Bleach etches nanosilver: HOCl-responsive drug delivery system to target leukemic cells†
Abstract
In addition to their well-known antibacterial property, silver nanoparticles (Ag NPs) have also been highlighted as anti-leukemic agents; however, the underlying mechanism responsible for inhibiting the growth of hematopoietic cancer cells is so far poorly understood. In previous reports, Ag NP-induced oxidative stress was implicated for therapeutic efficacy but the excessive production of ROS in several hematopoietic malignant cells, which can potentially induce the dissolution of Ag NPs, was not taken into consideration.

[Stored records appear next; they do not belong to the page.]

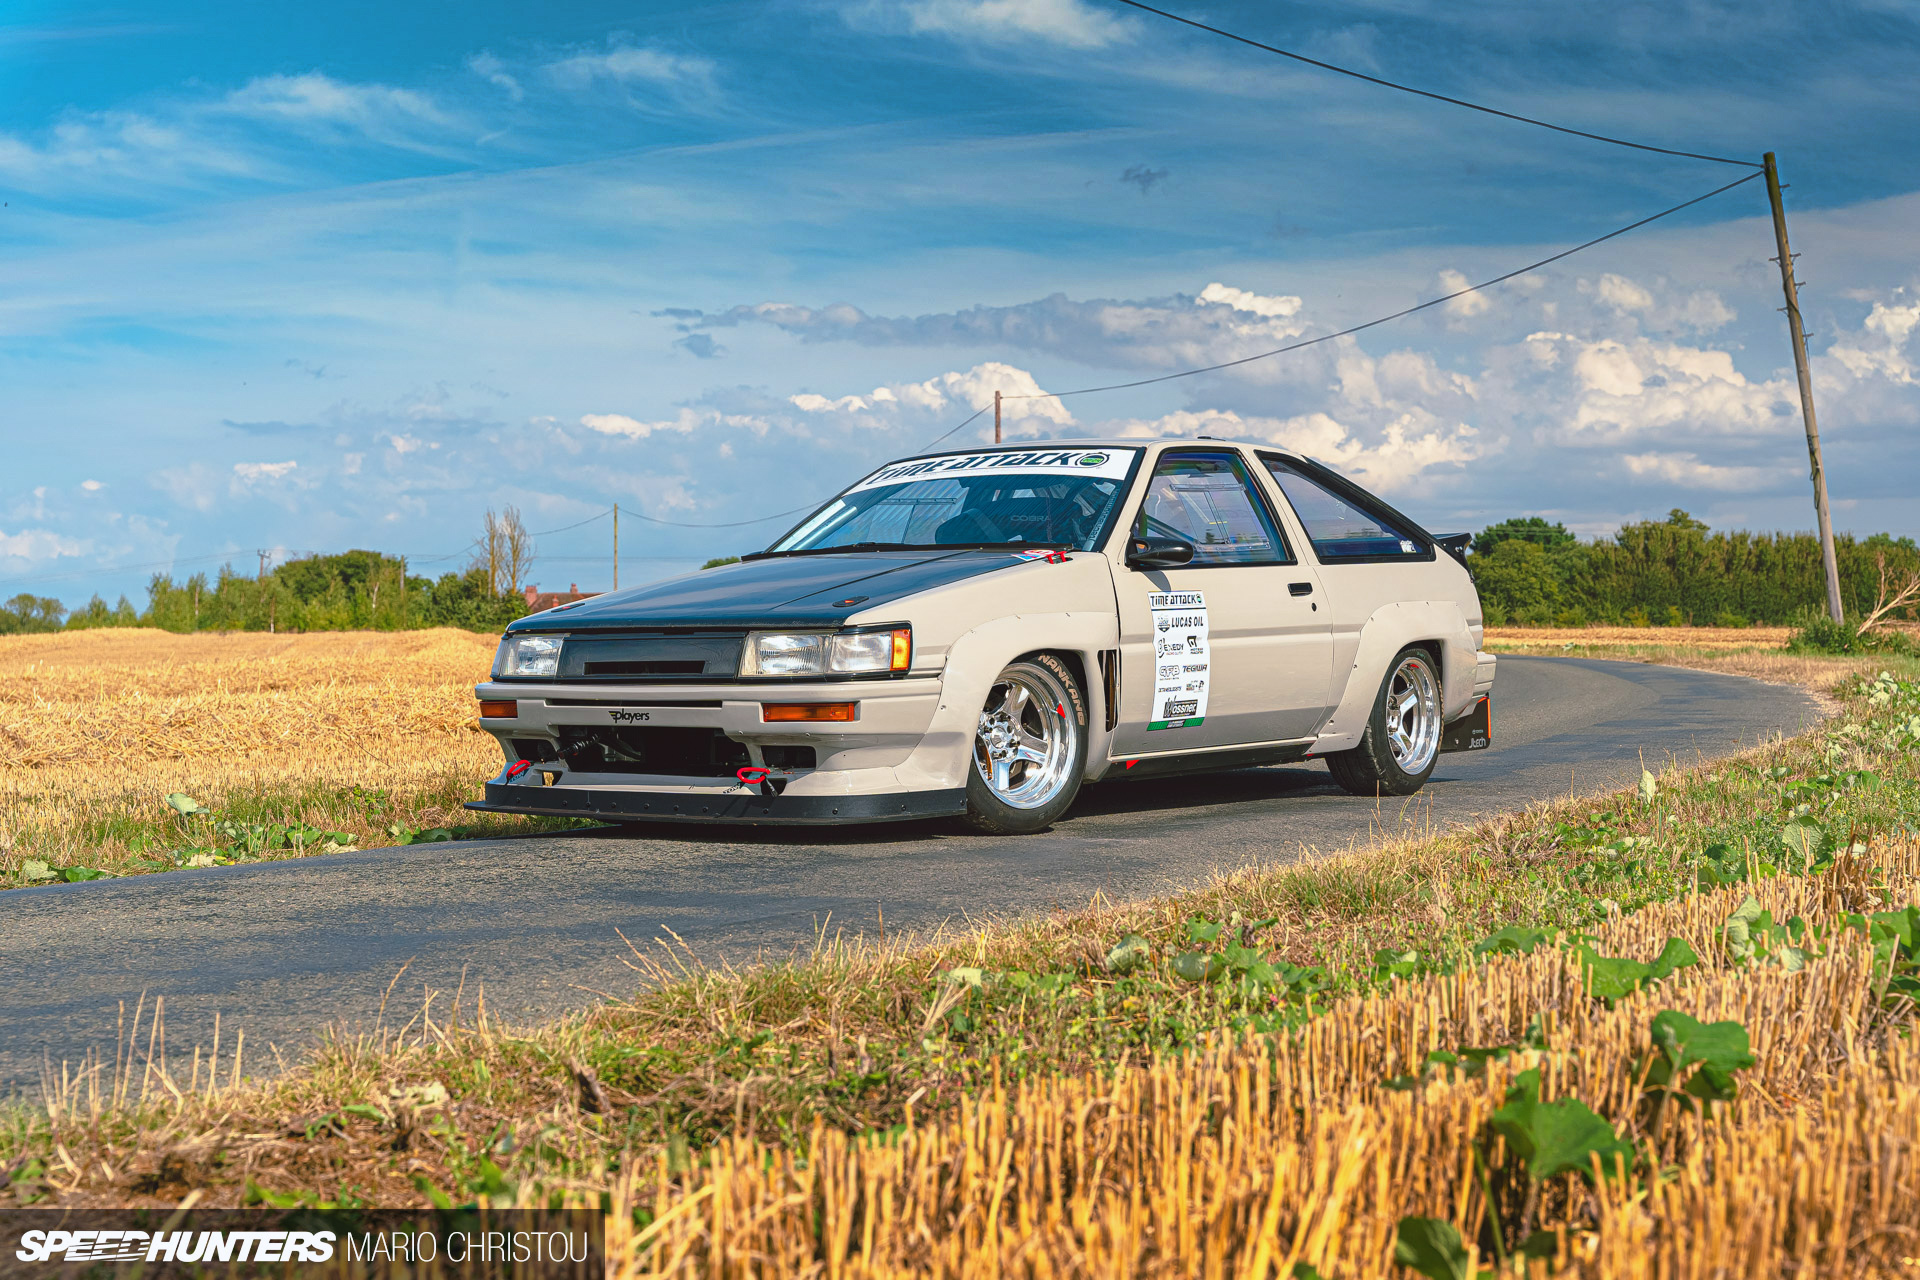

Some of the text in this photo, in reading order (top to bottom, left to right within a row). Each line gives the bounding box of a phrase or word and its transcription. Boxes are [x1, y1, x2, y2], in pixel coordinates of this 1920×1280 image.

[1171, 616, 1193, 628] LUCAS
[1193, 616, 1204, 627] OIL
[1163, 643, 1184, 652] EXEDY
[1182, 664, 1208, 673] TEGIWA
[1037, 654, 1085, 725] NANKANG
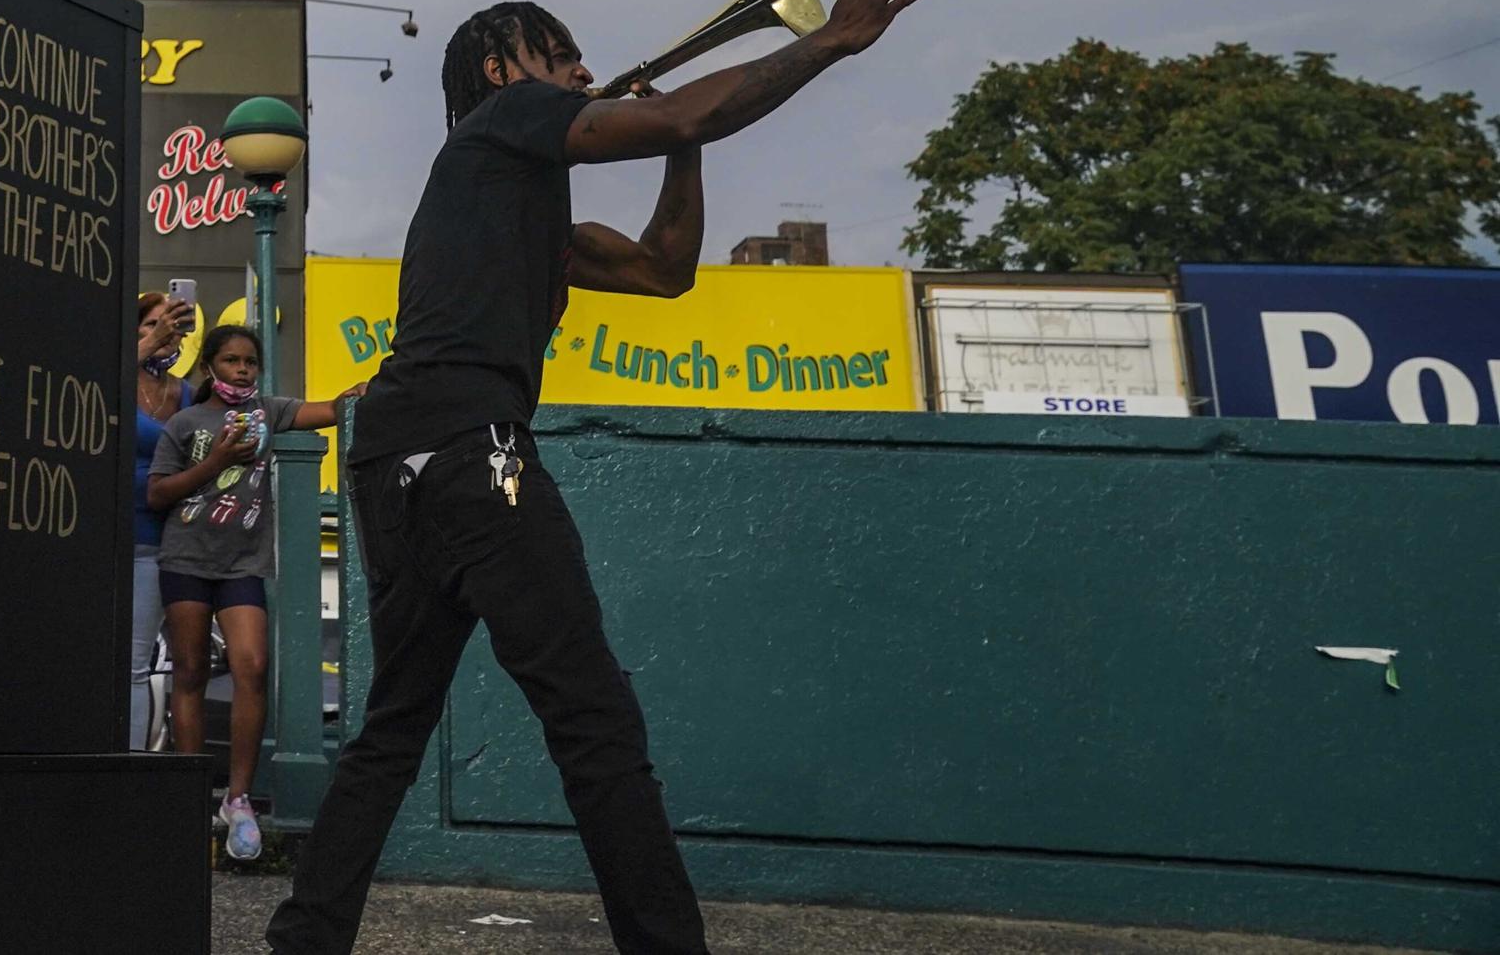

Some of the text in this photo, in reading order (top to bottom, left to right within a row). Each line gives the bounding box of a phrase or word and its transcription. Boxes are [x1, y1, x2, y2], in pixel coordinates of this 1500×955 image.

[158, 126, 233, 180] Re
[147, 174, 287, 234] Velv
[51, 204, 113, 286] EARS
[590, 324, 719, 391] Lunch
[746, 343, 890, 392] Dinner
[1260, 311, 1500, 426] Po
[1043, 397, 1127, 413] STORE
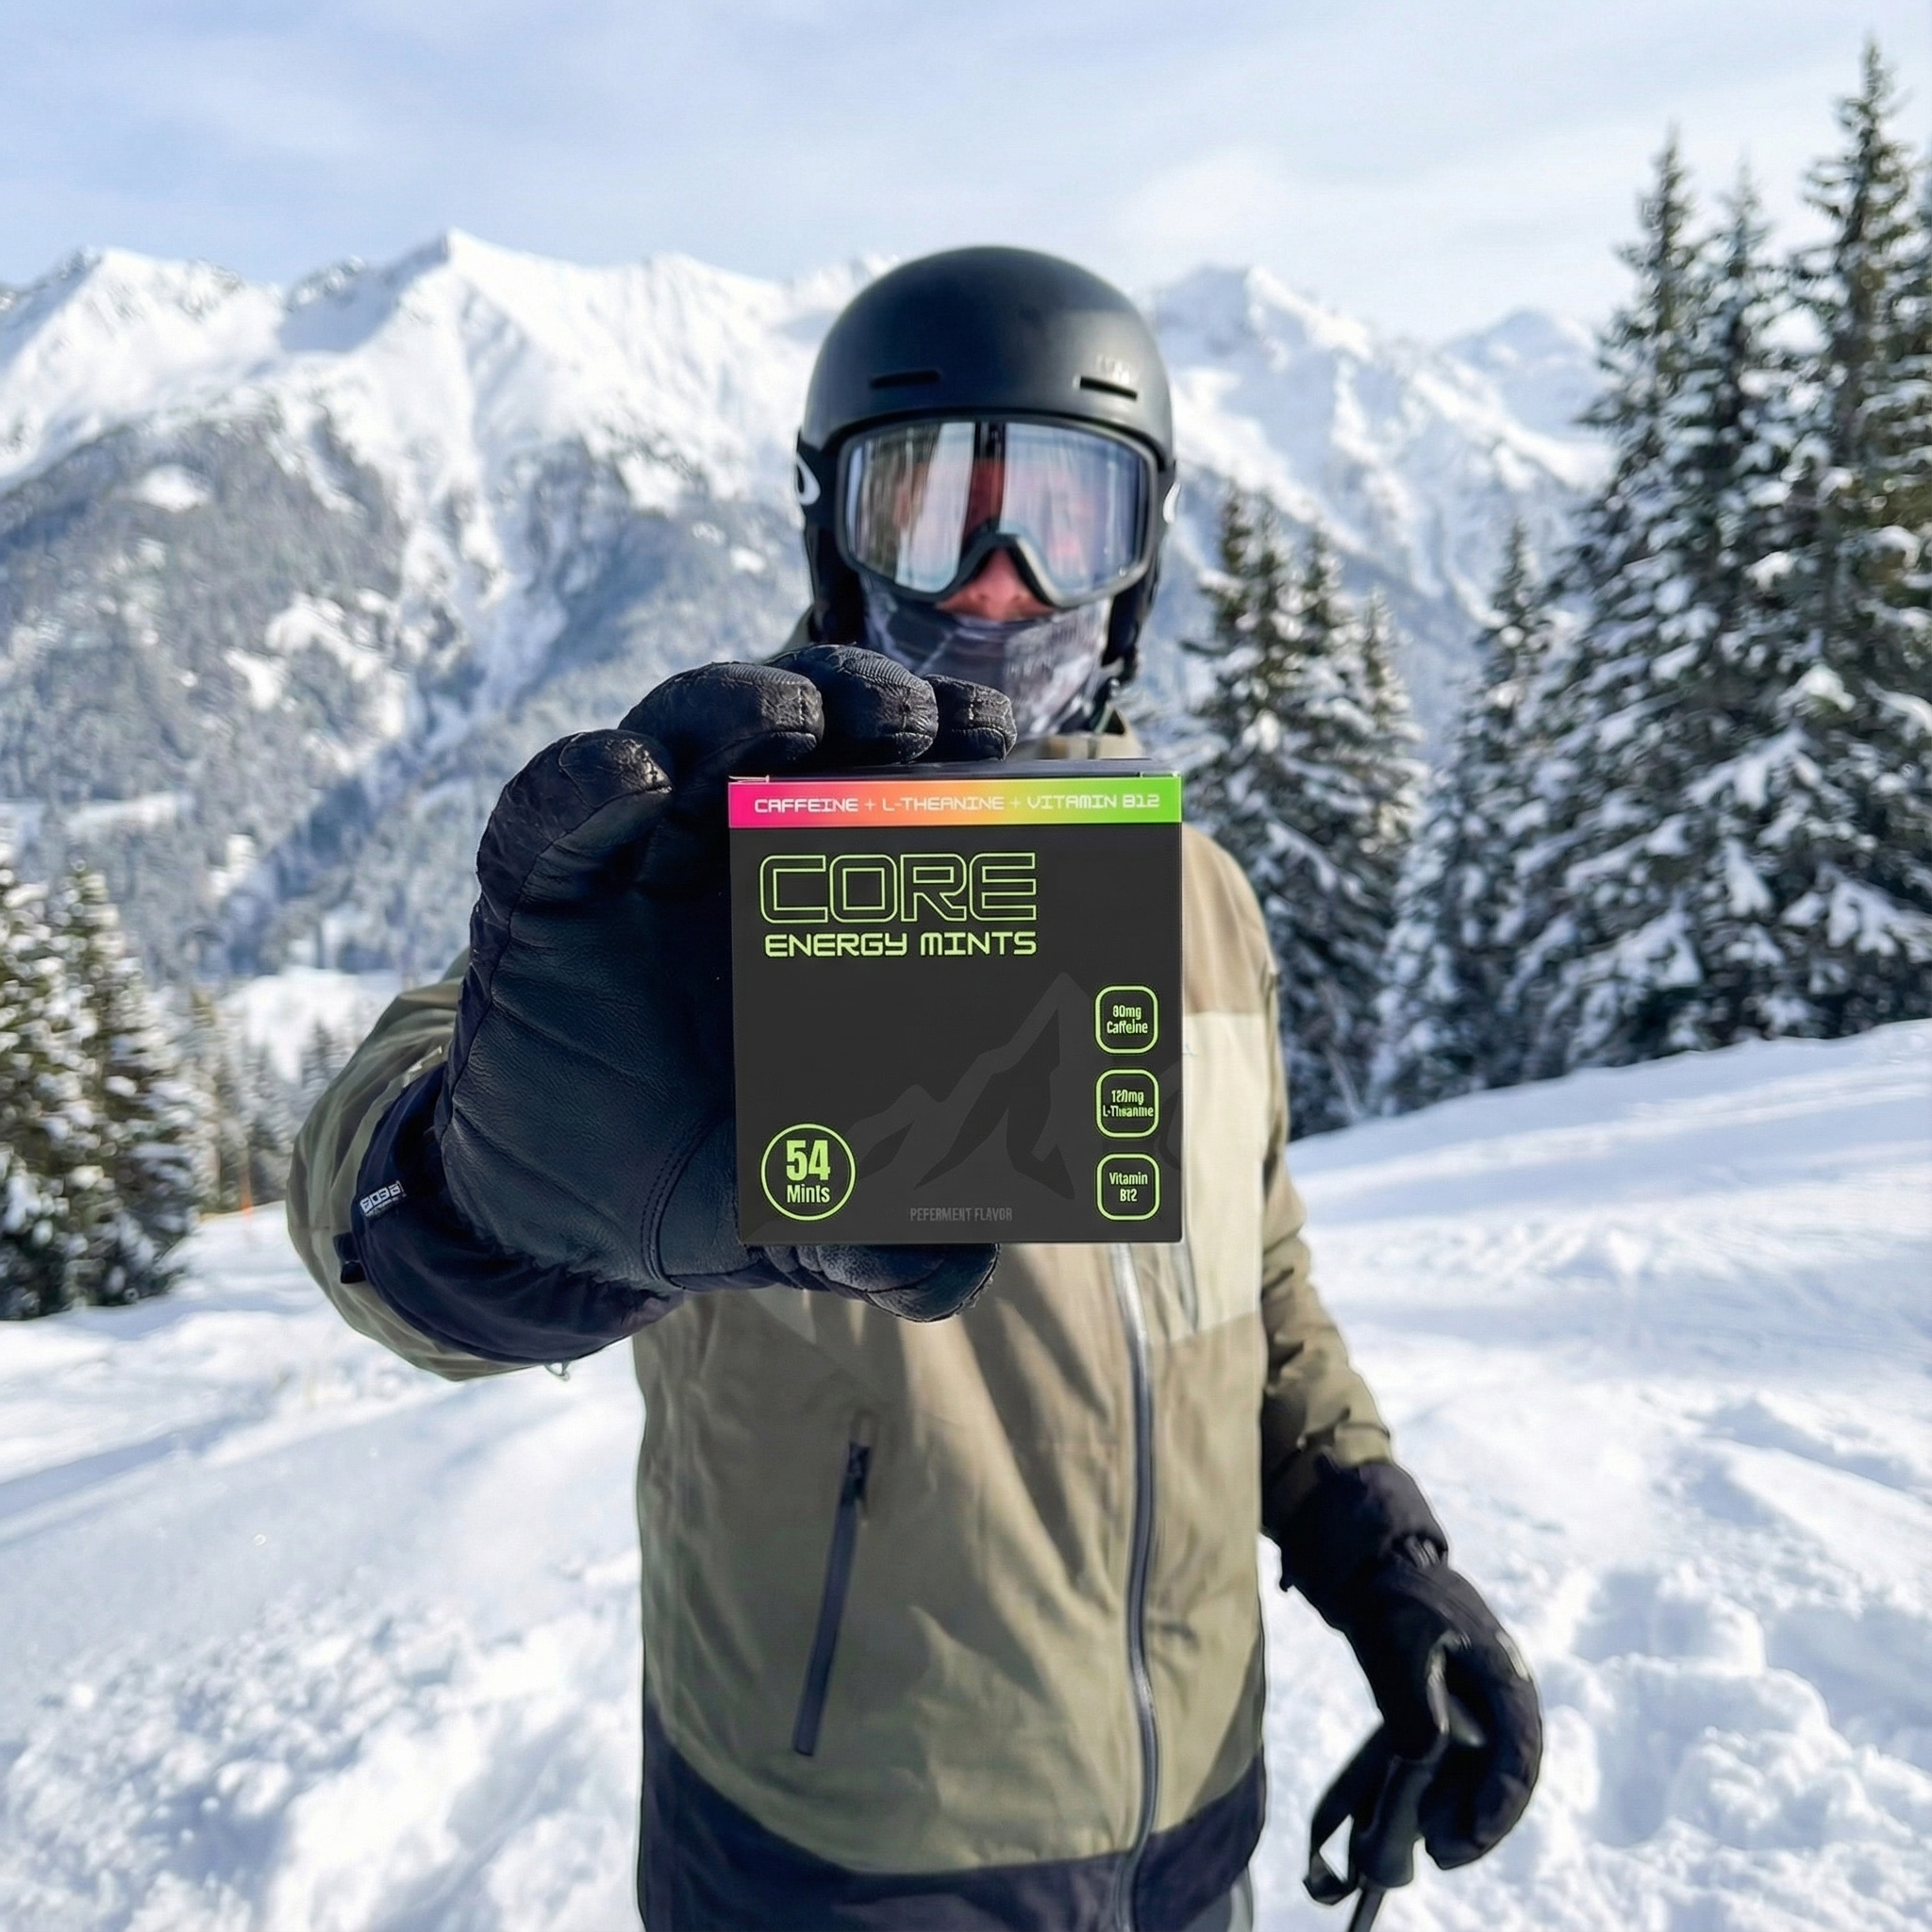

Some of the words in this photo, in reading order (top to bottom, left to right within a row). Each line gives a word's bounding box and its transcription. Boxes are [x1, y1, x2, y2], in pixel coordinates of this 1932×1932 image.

[754, 797, 858, 814] CAFFEINE
[864, 798, 874, 811] +
[882, 796, 1005, 812] L-THEANINE
[1009, 796, 1022, 809] +
[1026, 794, 1117, 810] VITAMIN
[1122, 793, 1160, 809] B12
[759, 852, 1039, 924] CORE
[764, 932, 908, 958] ENERGY
[920, 931, 1037, 956] MINTS
[785, 1139, 831, 1181] 54
[1108, 1172, 1148, 1186] Vitamin
[786, 1183, 831, 1204] Mints
[1120, 1188, 1138, 1203] B12
[974, 1207, 1013, 1222] FLAVOR

In this study we proposed Ag NP dissolution, in response to increased oxidative stress in leukemic cells, as the most probable mechanism for their anticancer activity. Hypochlorous acid-mediated dissolution of therapeutically active and ultrasmall (<5 nm) Ag NPs was also exploited to develop an oxidant responsive combinatorial drug delivery system. When Ag-capped and anticancer drug loaded pores of mesoporous silica were exposed to HOCl, the ready disintegration of Ag NPs resulted in a controlled release of drug molecules. The drug release profile and growth inhibition of myeloperoxidase positive (MOLM-13) leukemic cells support the role of the oxidant in the dissolution of Ag NPs. Besides combinational chemotherapy, the current study also provides us with an opportunity to investigate the interaction of Ag NPs with biorelevant oxidants.